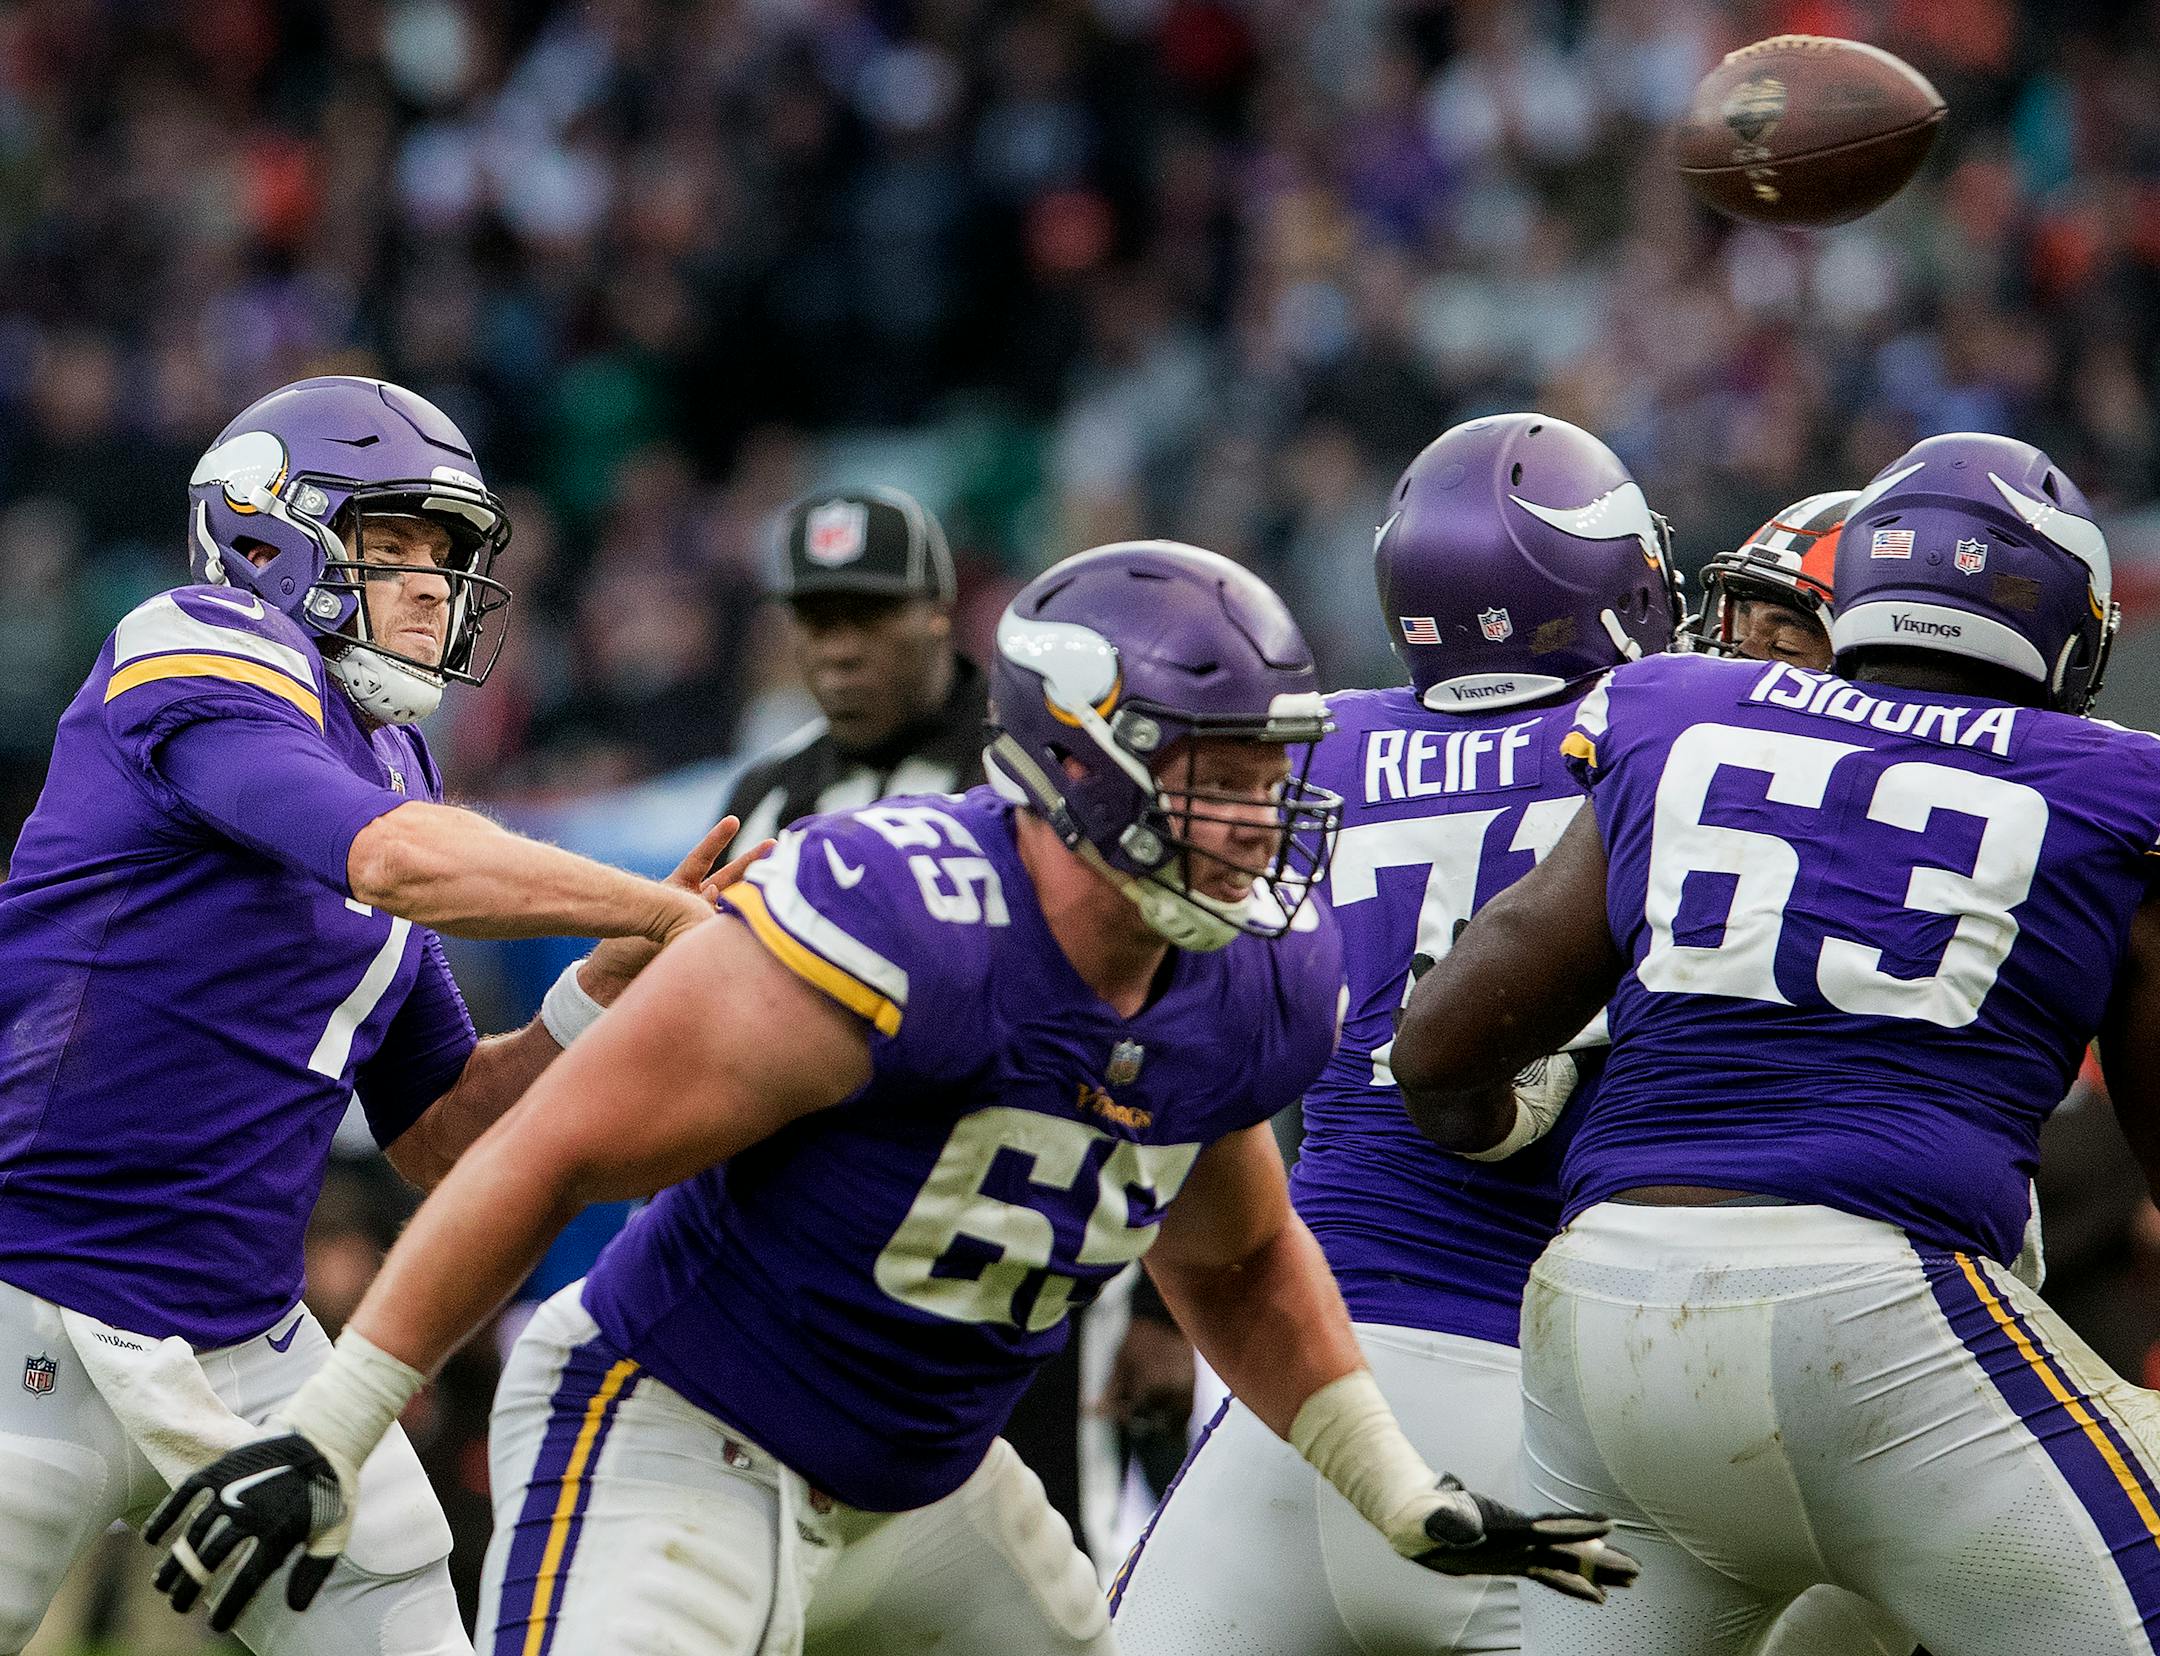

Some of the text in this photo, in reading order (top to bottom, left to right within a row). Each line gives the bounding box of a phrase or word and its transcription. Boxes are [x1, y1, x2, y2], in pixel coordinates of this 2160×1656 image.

[852, 806, 1011, 927] 65
[1365, 717, 1543, 802] REIFF
[1326, 795, 1588, 1086] 7
[1637, 722, 2050, 1028] 63
[873, 1106, 1201, 1332] 65
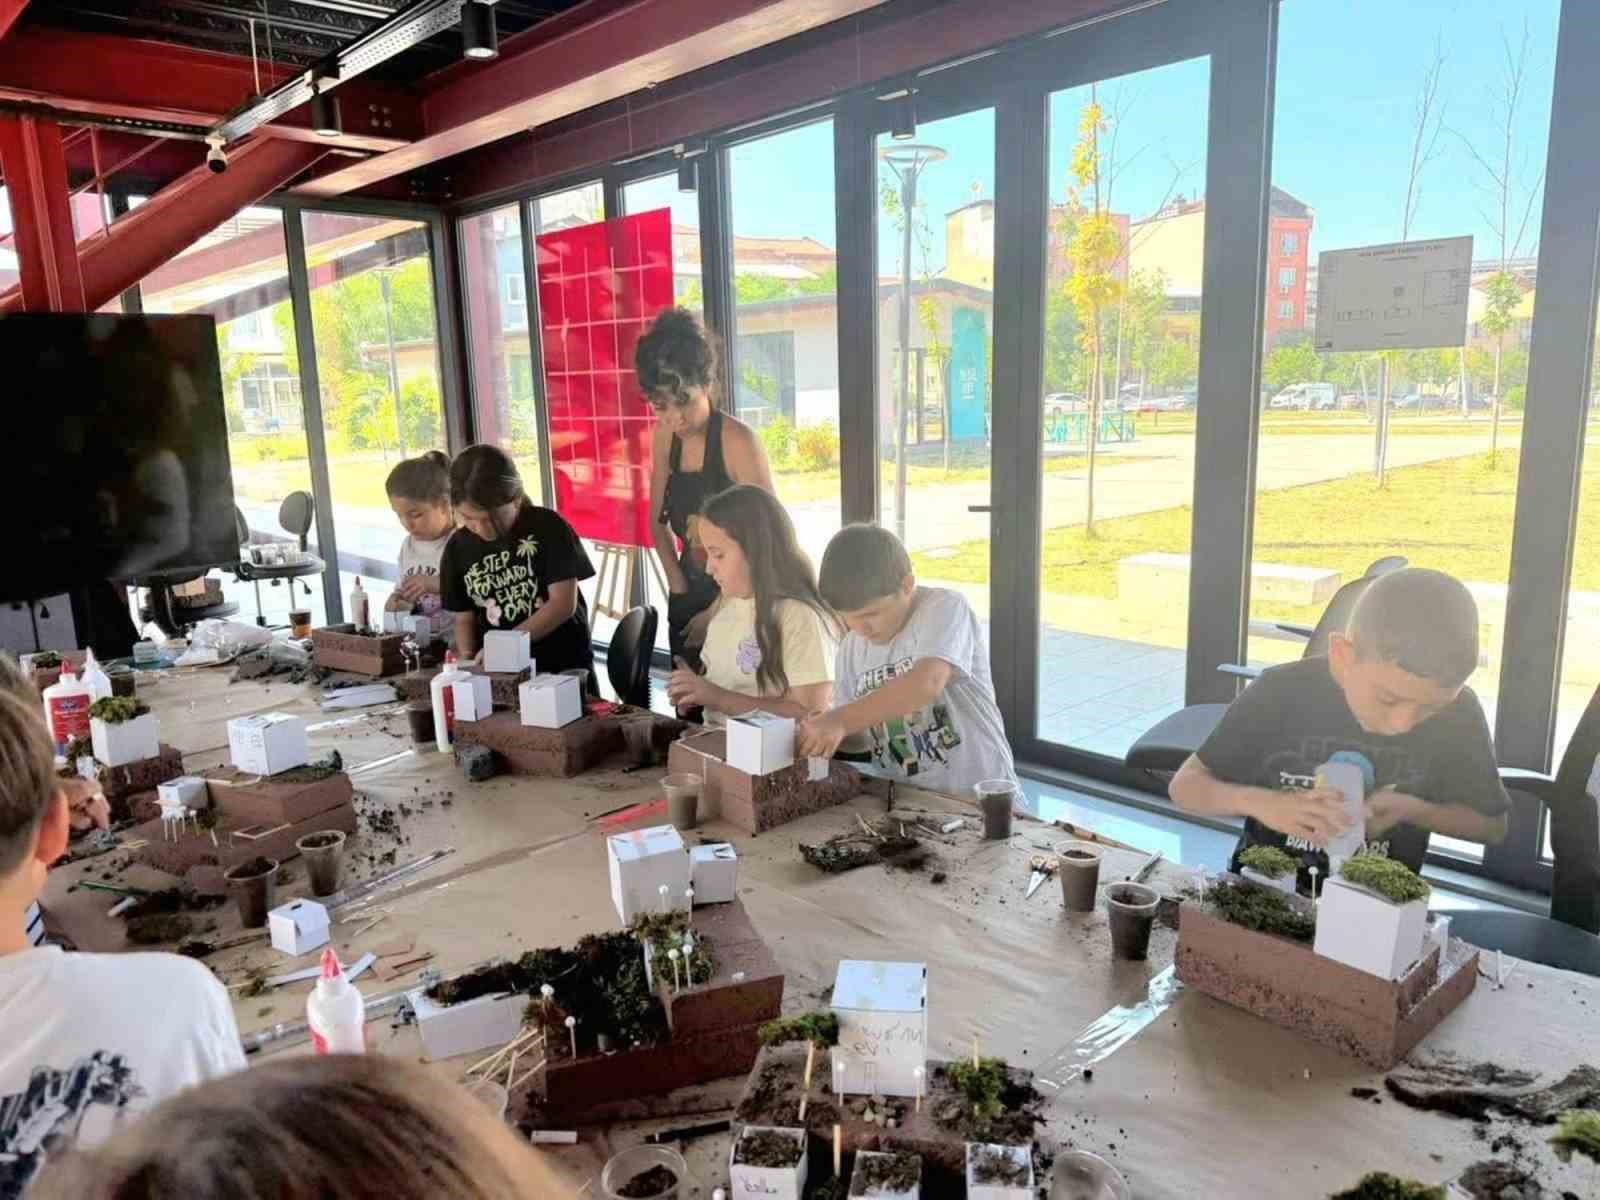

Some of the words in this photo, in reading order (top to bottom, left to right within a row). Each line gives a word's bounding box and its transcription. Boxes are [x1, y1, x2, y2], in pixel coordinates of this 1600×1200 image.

[480, 550, 510, 574] STEP
[473, 566, 527, 597] FORWARD
[495, 577, 538, 605] EVERY
[504, 598, 532, 621] DAY
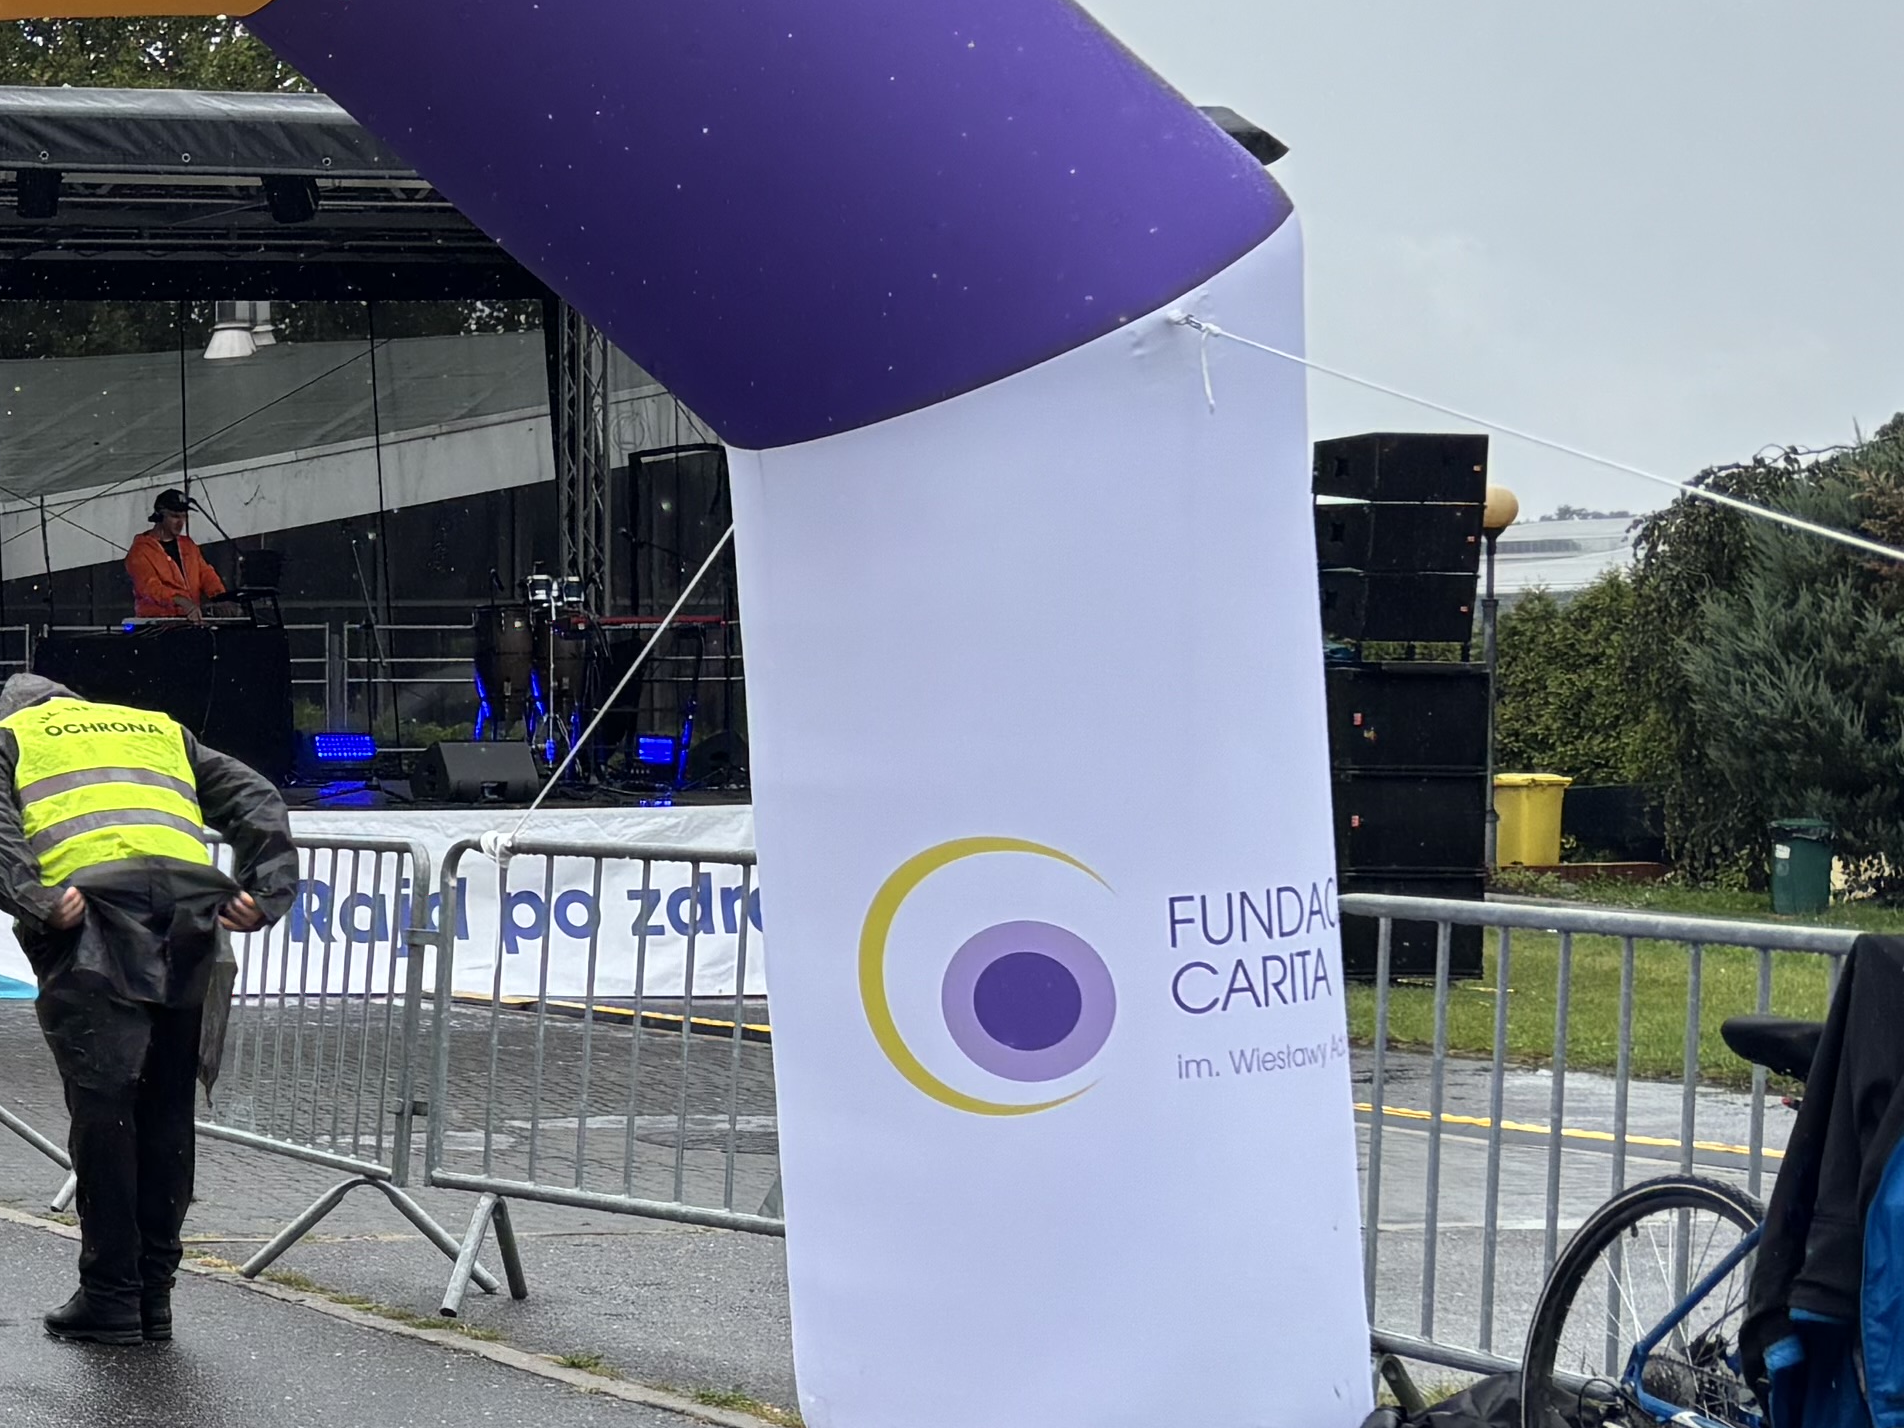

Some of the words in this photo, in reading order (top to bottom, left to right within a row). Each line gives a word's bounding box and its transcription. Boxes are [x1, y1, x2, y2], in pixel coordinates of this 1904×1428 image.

[44, 722, 164, 737] OCHRONA
[504, 888, 594, 955] po
[1171, 947, 1333, 1014] CARITA
[1177, 1054, 1221, 1080] im.

------

Problem details:
Write out the material above exactly, and omit the pictures it holds.

Finished exercise:
Some of the text in this photo, in reading order (top to bottom, left to right within a row). Each line gives the bounding box of a phrase or word and its transcription. Boxes are [x1, y1, x2, y2], in pixel coordinates of this 2160×1656 image.

[852, 806, 1011, 927] 65
[1365, 717, 1543, 802] REIFF
[1326, 795, 1588, 1086] 7
[1637, 722, 2050, 1028] 63
[873, 1106, 1201, 1332] 65

Some of the words in this photo, in reading order (top to bottom, left to right within a row). Each line gives a word's bounding box and its transcription. Boxes are [x1, y1, x2, y2], in pixel coordinates of this 1600×1200 image.

[480, 550, 510, 574] STEP
[473, 566, 527, 597] FORWARD
[495, 577, 538, 605] EVERY
[504, 598, 532, 621] DAY

Some of the words in this photo, in reading order (top to bottom, left to right within a row). Each line gives a word's bounding box and its transcription. Boxes are [x1, y1, x2, y2], in pixel coordinates of this 1904×1428 image.

[44, 722, 164, 737] OCHRONA
[504, 888, 594, 955] po
[1171, 947, 1333, 1014] CARITA
[1177, 1054, 1221, 1080] im.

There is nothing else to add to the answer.